A new report encourages doctors to prioritize pain treatment for children.

One of the least understood areas in medicine is how to treat pain. And one of the most under-studied areas of pain management is the one dealing specifically with children.

But making trips to the Emergency Room — or treatments for chronic conditions — less painful can make a huge service difference in the experience of the child and family, says Dr. Audrey Paul, pediatric ER physician and an associate professor of emergency medicine at Mount Sinai School of Medicine.

Paul was interviewed by MSNBC about a recent report from the American Academy of Pediatrics that instructed doctors, EMTs and other healthcare providers how to treat children’s pain in emergency situations.

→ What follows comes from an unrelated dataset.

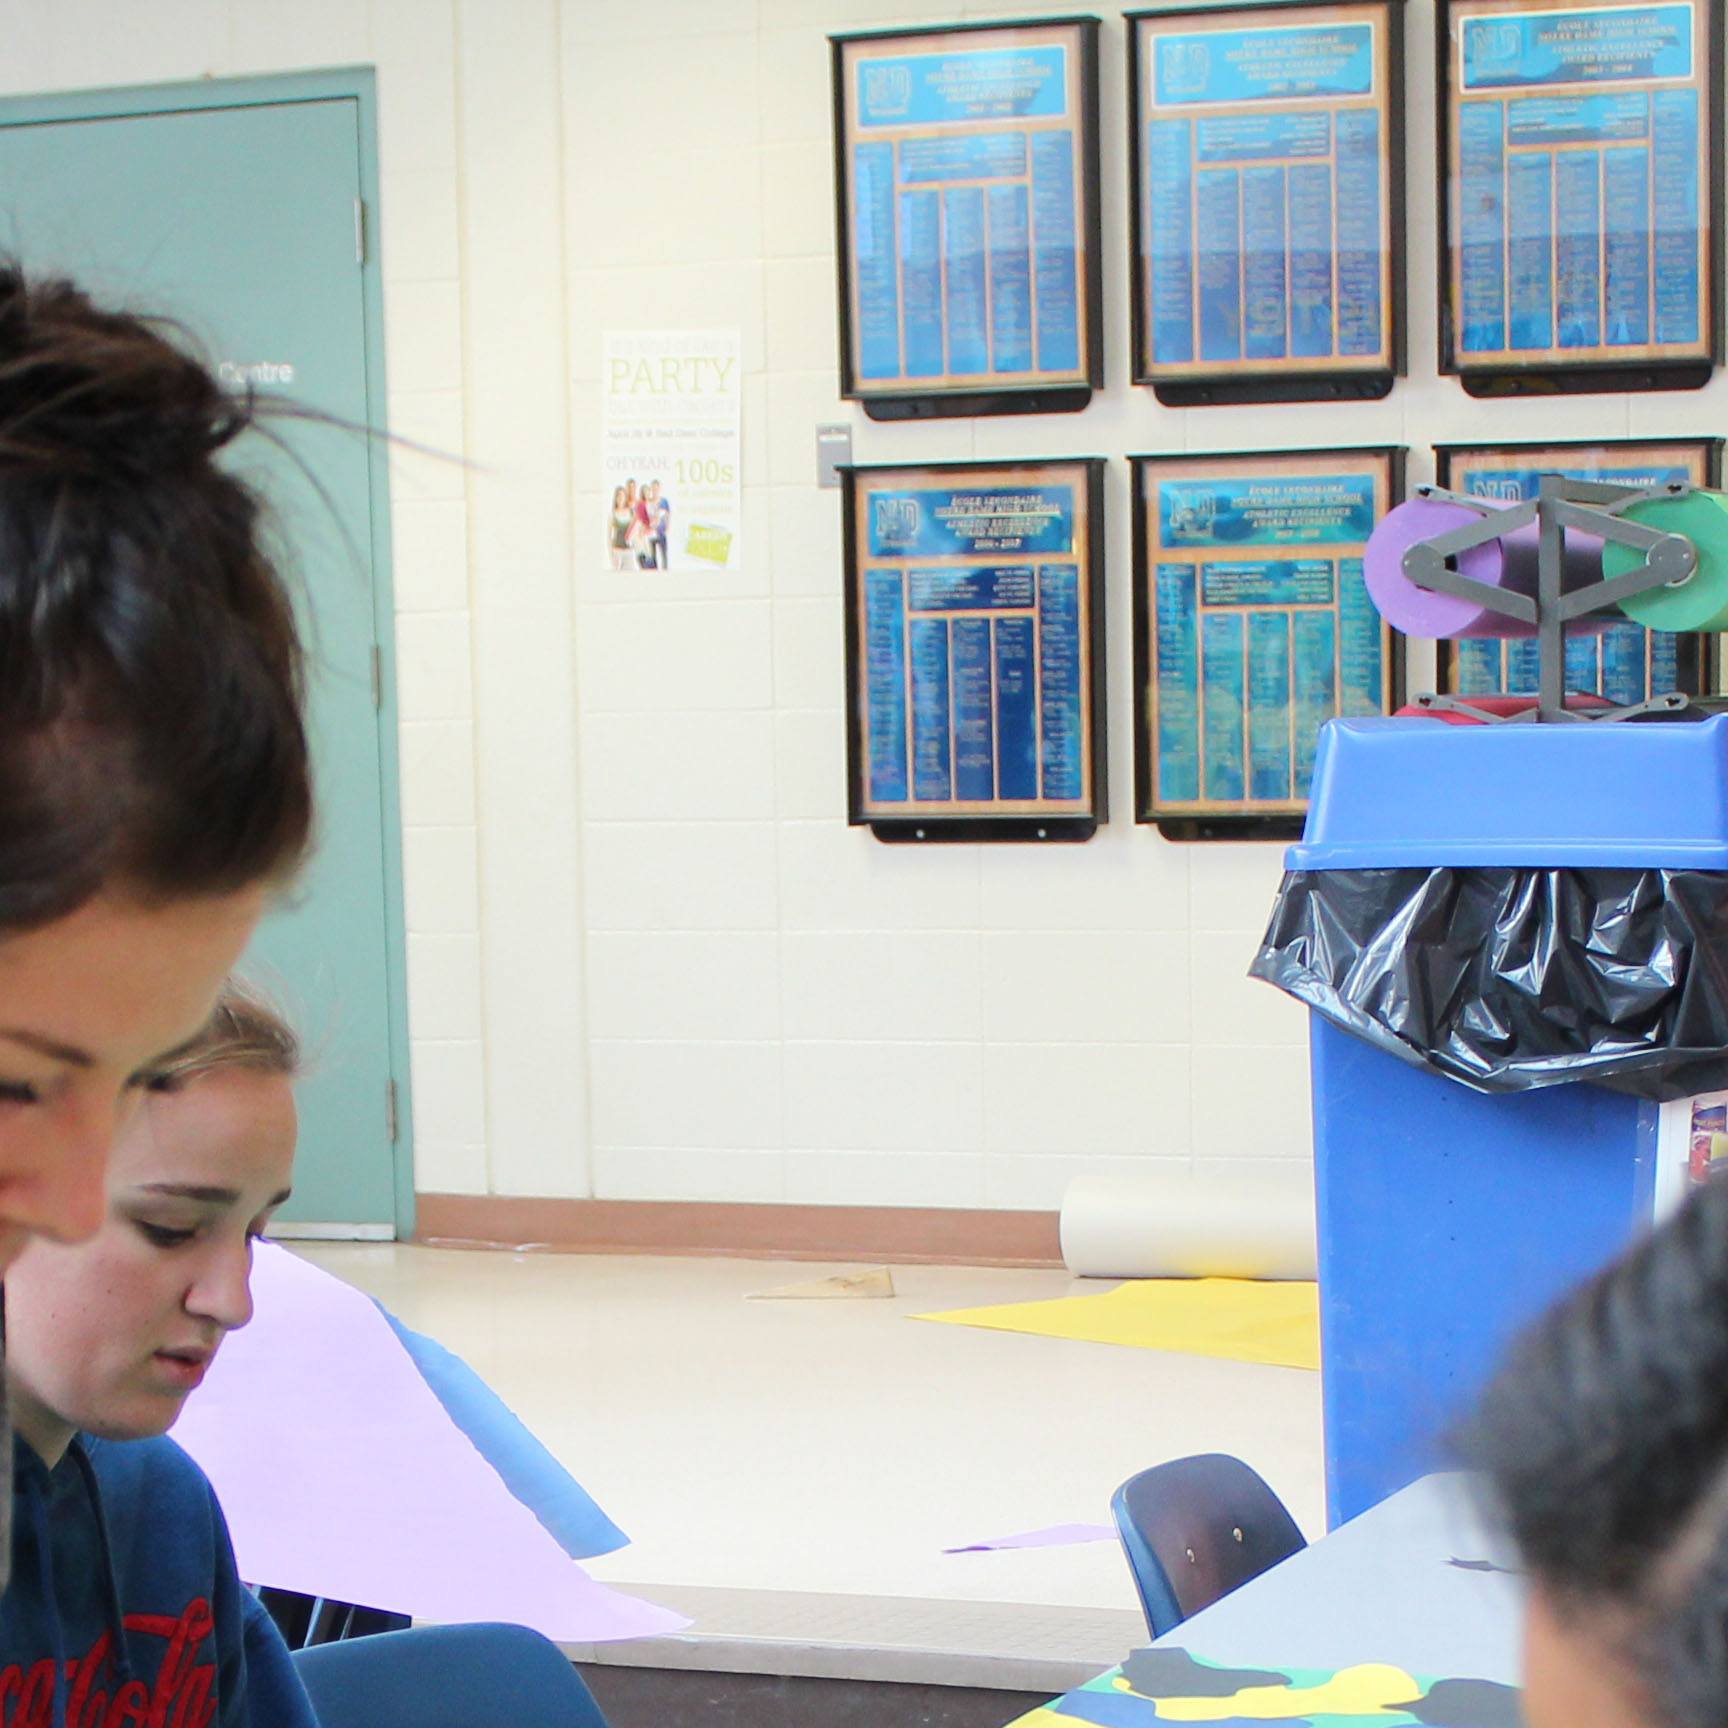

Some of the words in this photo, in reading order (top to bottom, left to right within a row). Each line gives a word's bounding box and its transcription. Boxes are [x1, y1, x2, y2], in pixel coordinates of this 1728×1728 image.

[218, 361, 295, 384] Centre
[608, 357, 736, 394] PARTY
[675, 458, 735, 485] 100s

The report encourages medical facilities directors to create child-friendly spaces with videos and bubble-blowing and other fun distractions. Paul also says she encourages her clinicians to not fear treating pain with actual painkillers — even something as strong as morphine. What’s important is that children have positive experiences when interacting with doctors.

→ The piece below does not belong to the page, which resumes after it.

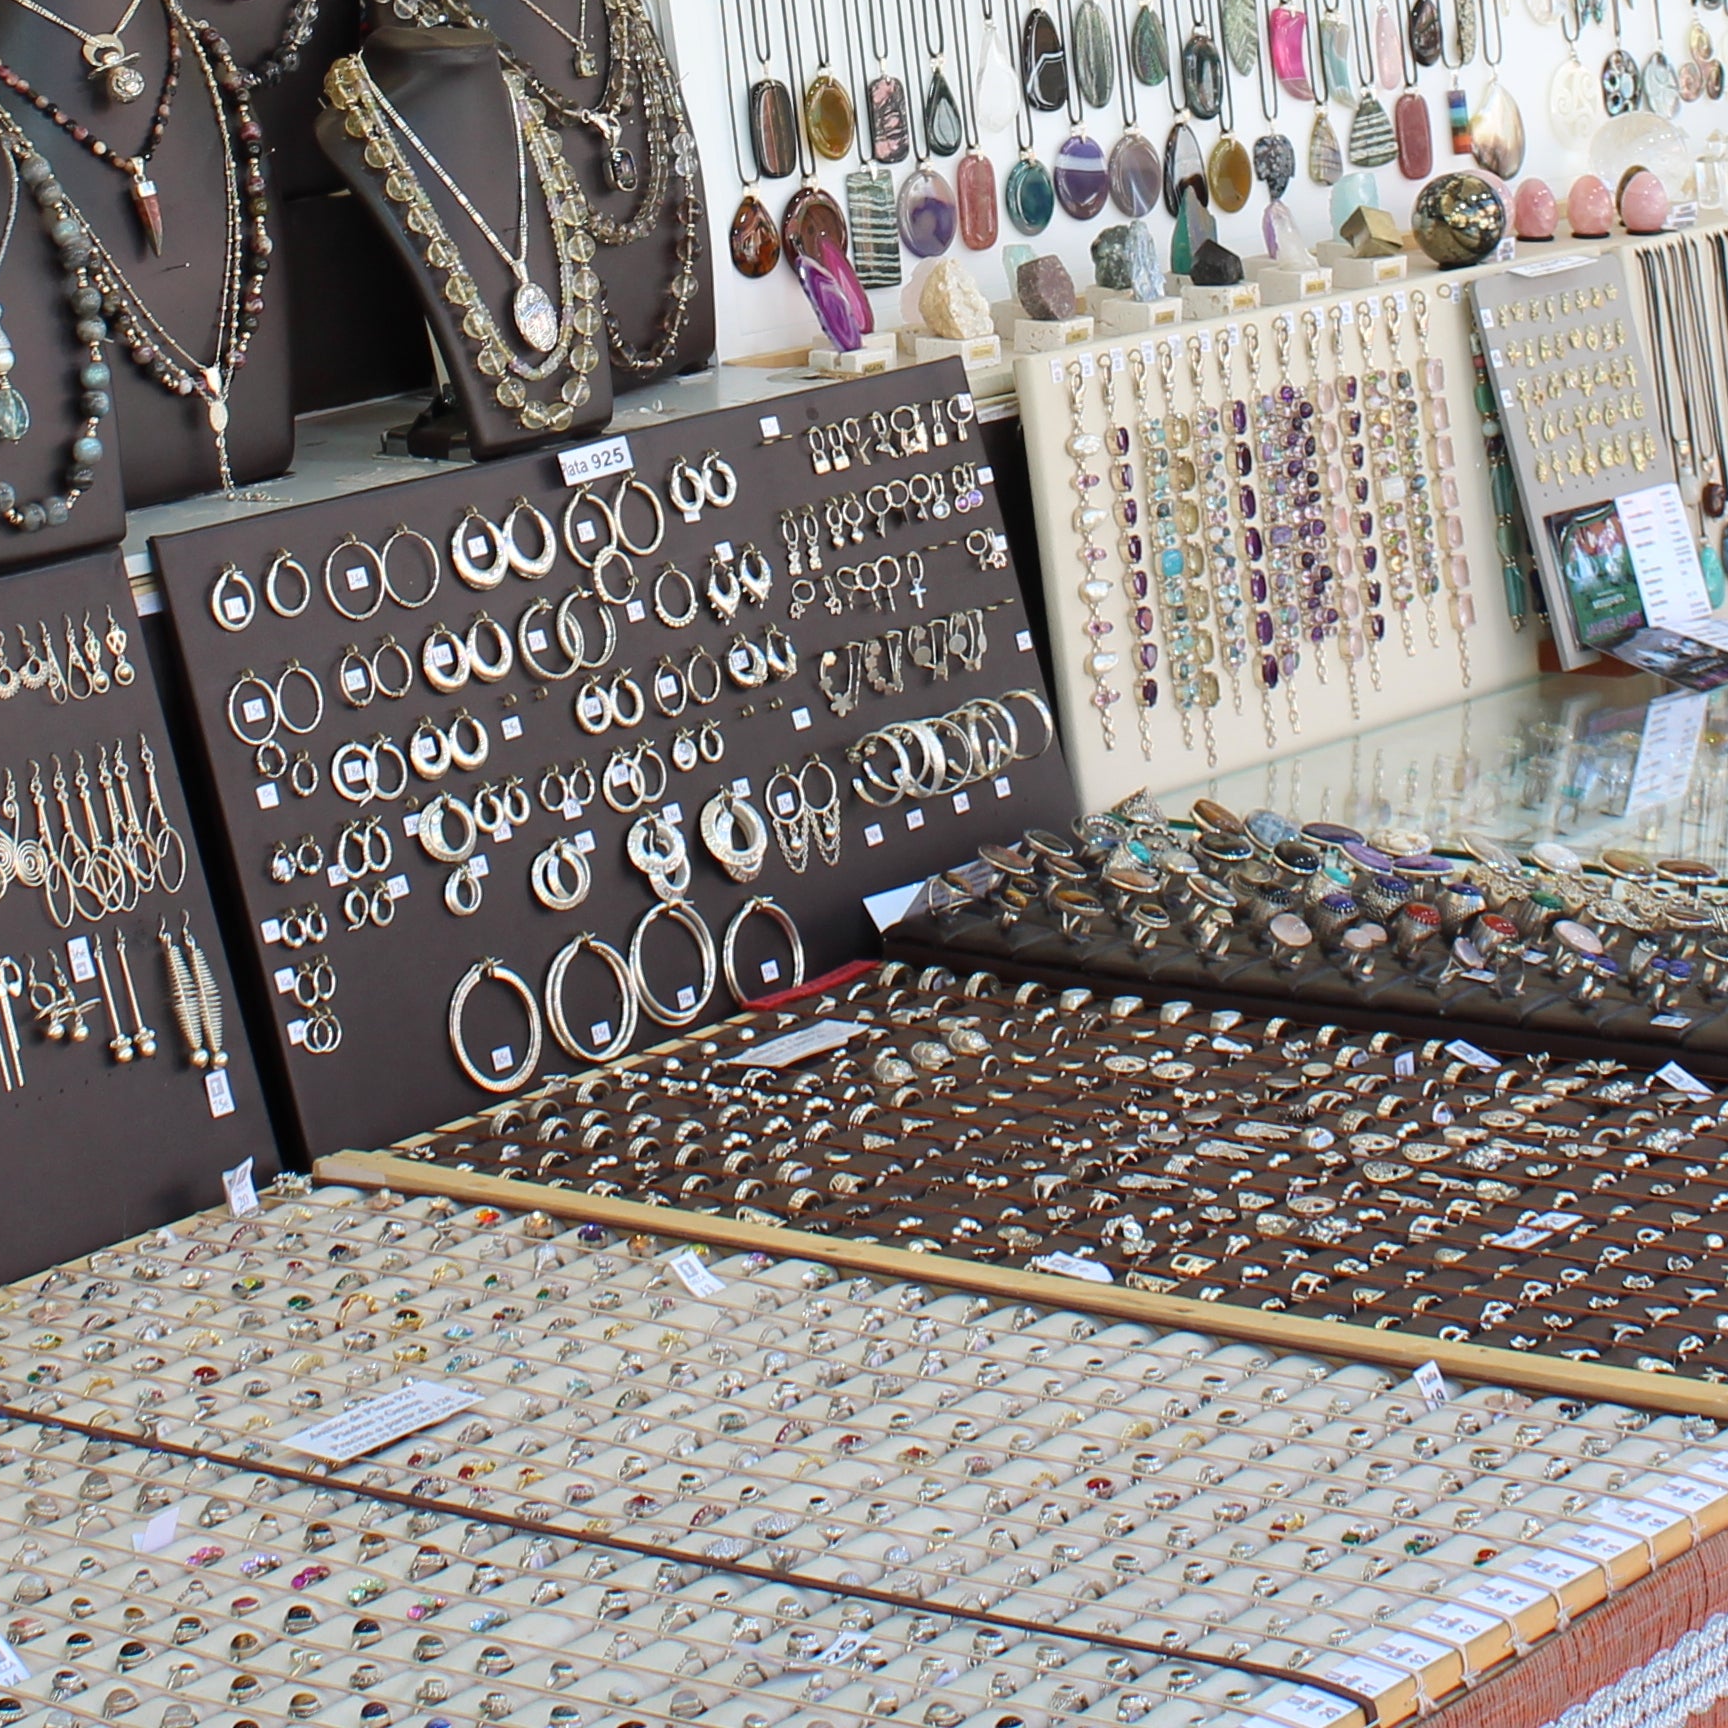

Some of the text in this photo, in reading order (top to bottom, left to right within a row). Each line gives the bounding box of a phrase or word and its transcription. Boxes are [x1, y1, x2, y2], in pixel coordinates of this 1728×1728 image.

What researchers point out, though, is that parents play a huge role in ensuring their kids have a positive, and as painless as possible, trip to the hospital or doctor’s office. Parents know their child best and know when the pain is too intense. They have to be advocates for their children and sometimes cross that pain-in-the-ass threshold in order to do so.

It’s not always a easy in thing. ERs and other medical facilities are top-down kinds of organizations, with the patients at the bottom of the hierarchy. Speaking up isn’t always welcomed and for those who are conflict averse or unsure of the rules it can be difficult.

Here are 5 tips on advocating for your child [from MSNBC]:

  • Stay calm, but be firm. As Paul mentioned, sometimes when the ER is busy, you may have to advocate more firmly. Stay calm, but remind them of your child’s unaddressed pain.
  • Be informed. When possible, know and learn about your child’s illness. Have old records and know the most recent results of X-rays or labs. Share what types of pain medication have worked for your child in the past.
  • Try it yourself. Attempt to treat minor pains (like ear or throat pain) at home with over-the-counter pain relievers before bringing the child in. If the child is still with pain when you arrive, you can make your case that it’s more urgent.
  • Listen before reacting. Sometimes there are medical reasons why your child’s pain can’t be treated immediately. Be willing to hear what the doctors and nurses have to say about it.
  • Ask for alternatives. See what options your ER has to distract or treat the pain without medication.

For children who see the doctor a lot, or who are particularly sensitive to pain or unusual situations, it’s essential for parents to know that they can prioritize their child’s comfort over the convenience or routines of a medical staff.